[Records excerpted from a collection]
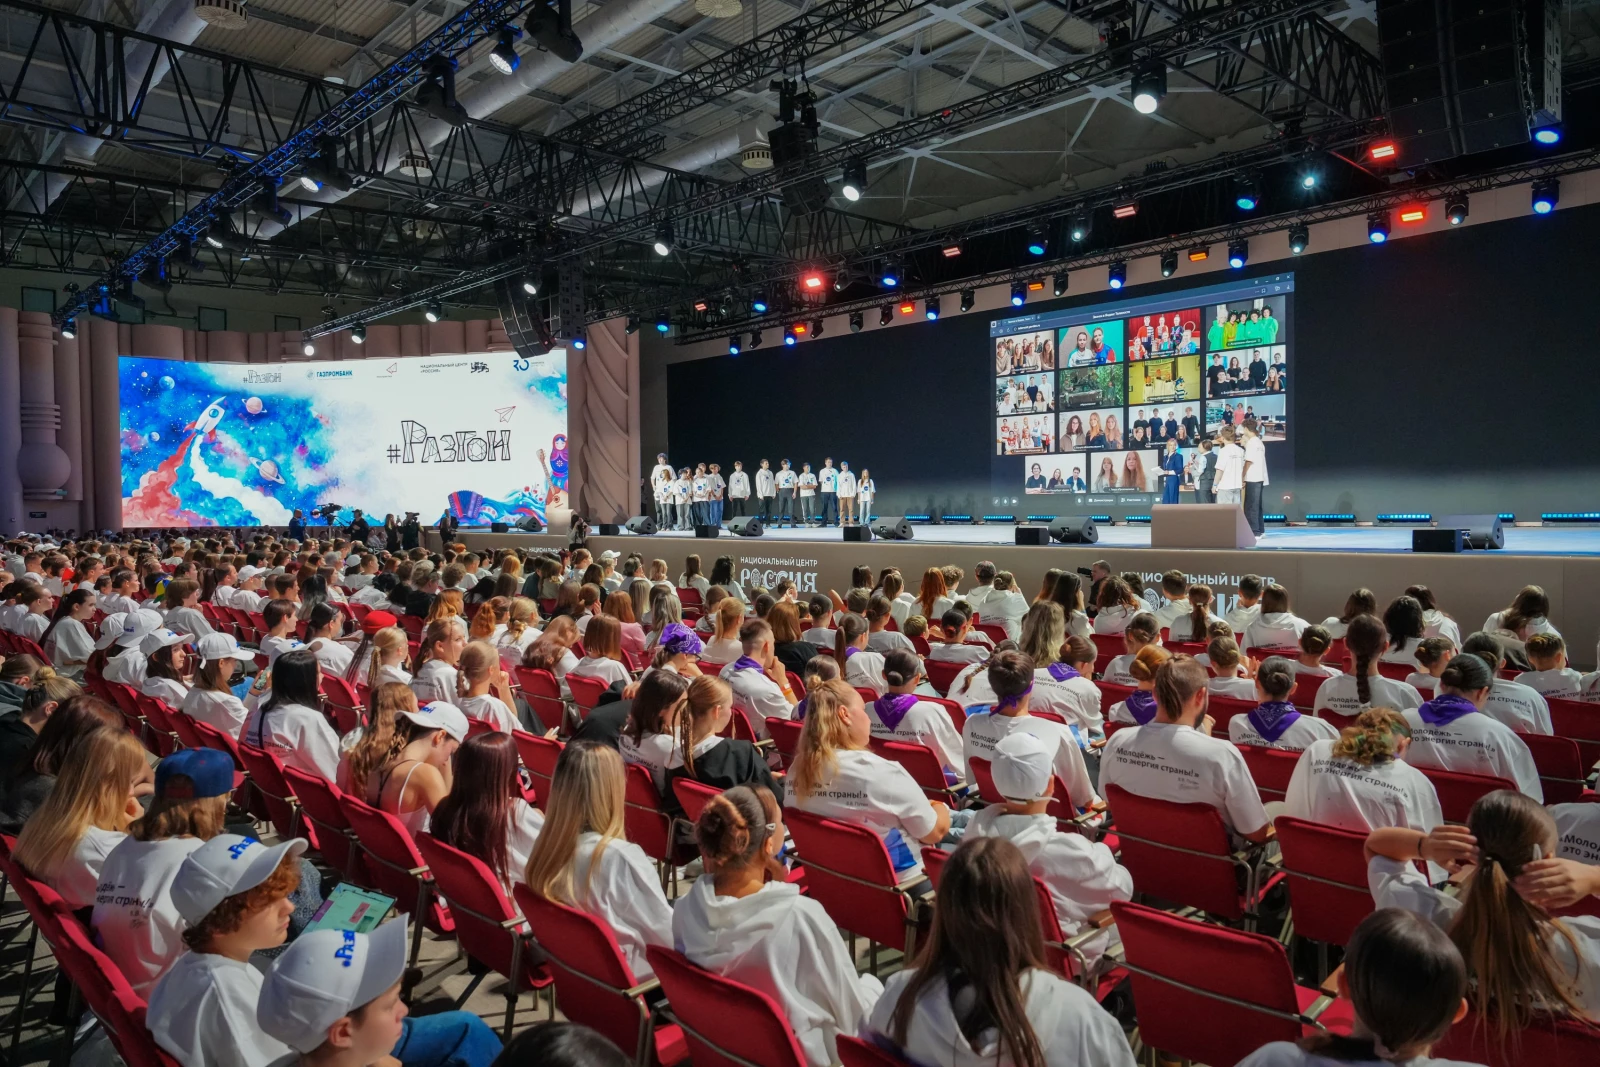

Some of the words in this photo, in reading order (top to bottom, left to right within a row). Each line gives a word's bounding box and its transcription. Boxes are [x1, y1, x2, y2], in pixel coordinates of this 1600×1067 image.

[316, 370, 353, 378] ГАЗПРОМБАНК
[740, 556, 795, 567] НАЦИОНАЛЬНЫЙ
[795, 559, 818, 568] ЦЕНТР
[740, 568, 818, 593] РОССИЯ
[970, 731, 999, 745] Молодёж
[979, 743, 996, 752] энер
[1116, 747, 1156, 760] Молодёжь
[1128, 758, 1160, 770] энергия
[1324, 767, 1363, 781] энергия
[1562, 846, 1582, 856] это
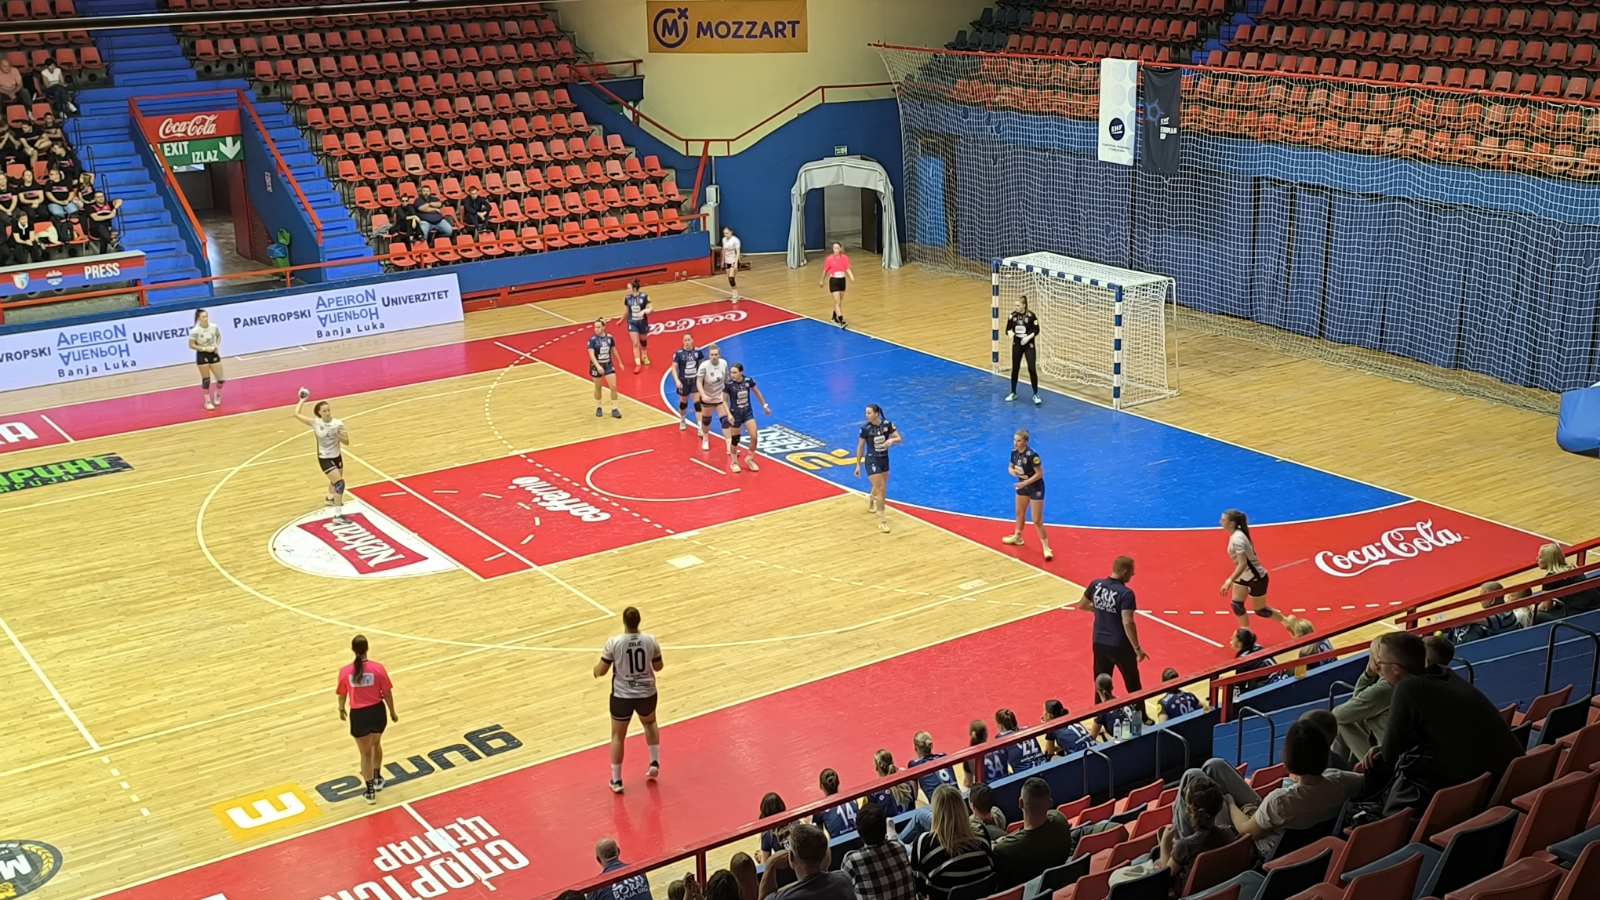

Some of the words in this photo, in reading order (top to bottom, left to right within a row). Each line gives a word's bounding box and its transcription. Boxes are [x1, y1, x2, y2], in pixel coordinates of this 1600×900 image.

[696, 20, 801, 39] MOZZART
[158, 114, 219, 139] Coca-Cola
[163, 141, 190, 157] EXIT
[191, 149, 219, 164] IZLAZ
[84, 262, 121, 280] PRESS
[232, 309, 311, 329] PANEVROPSKI
[381, 289, 449, 308] UNIVERZITET
[316, 325, 351, 339] Banja
[356, 321, 386, 333] Luka
[58, 364, 99, 378] Banja
[104, 359, 138, 372] Luka
[322, 521, 407, 568] Nektar
[1314, 518, 1463, 578] Coca-Cola
[626, 647, 646, 674] 10
[983, 754, 1004, 779] 34
[836, 801, 857, 827] 14

--- Try it ---
Copy the data exactly. Any picture it contains is to be omitted.

--- Answer for the task ---
Some of the words in this photo, in reading order (top to bottom, left to right within a row). Each line gives a word's bounding box and its transcription. Boxes are [x1, y1, x2, y2], in pixel coordinates of this 1600×1067 image.

[316, 370, 353, 378] ГАЗПРОМБАНК
[740, 556, 795, 567] НАЦИОНАЛЬНЫЙ
[795, 559, 818, 568] ЦЕНТР
[740, 568, 818, 593] РОССИЯ
[970, 731, 999, 745] Молодёж
[979, 743, 996, 752] энер
[1116, 747, 1156, 760] Молодёжь
[1128, 758, 1160, 770] энергия
[1324, 767, 1363, 781] энергия
[1562, 846, 1582, 856] это

Some of the words in this photo, in reading order (top to bottom, left to right within a row). Each line gives a word's bounding box and its transcription. Boxes are [x1, y1, x2, y2], in pixel coordinates of this 1600×900 image.

[696, 20, 801, 39] MOZZART
[158, 114, 219, 139] Coca-Cola
[163, 141, 190, 157] EXIT
[191, 149, 219, 164] IZLAZ
[84, 262, 121, 280] PRESS
[232, 309, 311, 329] PANEVROPSKI
[381, 289, 449, 308] UNIVERZITET
[316, 325, 351, 339] Banja
[356, 321, 386, 333] Luka
[58, 364, 99, 378] Banja
[104, 359, 138, 372] Luka
[322, 521, 407, 568] Nektar
[1314, 518, 1463, 578] Coca-Cola
[626, 647, 646, 674] 10
[983, 754, 1004, 779] 34
[836, 801, 857, 827] 14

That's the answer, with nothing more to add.